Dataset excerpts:
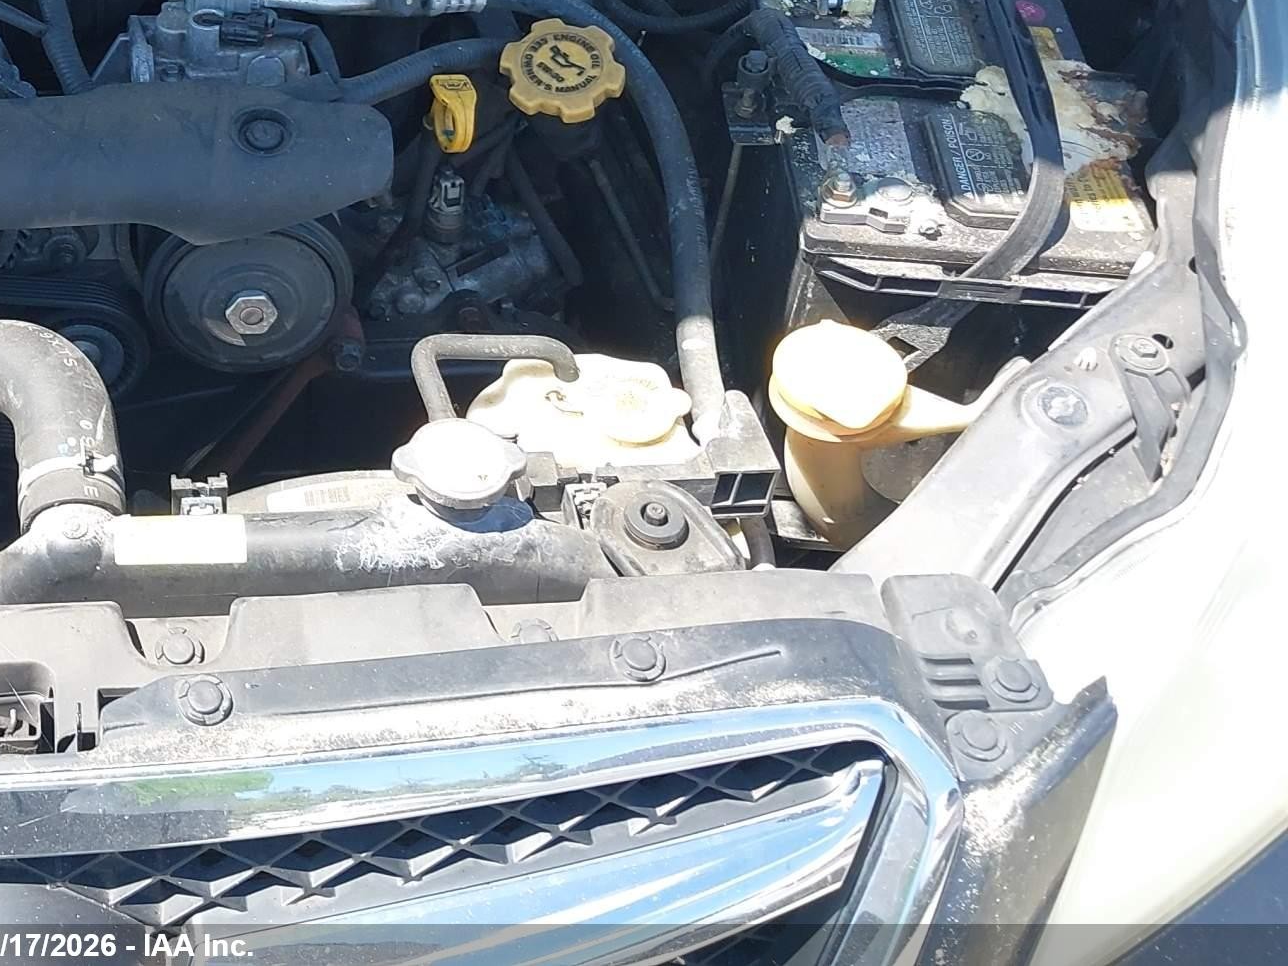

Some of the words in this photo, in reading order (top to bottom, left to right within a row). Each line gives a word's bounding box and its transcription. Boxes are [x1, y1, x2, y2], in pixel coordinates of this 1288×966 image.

[553, 34, 594, 53] ENGINE
[590, 54, 601, 69] OIL
[523, 54, 552, 91] OWNER'S
[555, 75, 598, 93] MANUAL
[941, 118, 958, 149] POISON
[952, 156, 972, 191] DANGER

■ **WHAT TO WORK ON**:
Leave out the pictures, then give all the records again exactly.

■ **RESPONSE FOR THIS EXERCISE**:
Some of the words in this photo, in reading order (top to bottom, left to right within a row). Each line gives a word's bounding box and its transcription. Boxes are [x1, y1, x2, y2], in pixel coordinates of this 1288×966 image.

[553, 34, 594, 53] ENGINE
[590, 54, 601, 69] OIL
[523, 54, 552, 91] OWNER'S
[555, 75, 598, 93] MANUAL
[941, 118, 958, 149] POISON
[952, 156, 972, 191] DANGER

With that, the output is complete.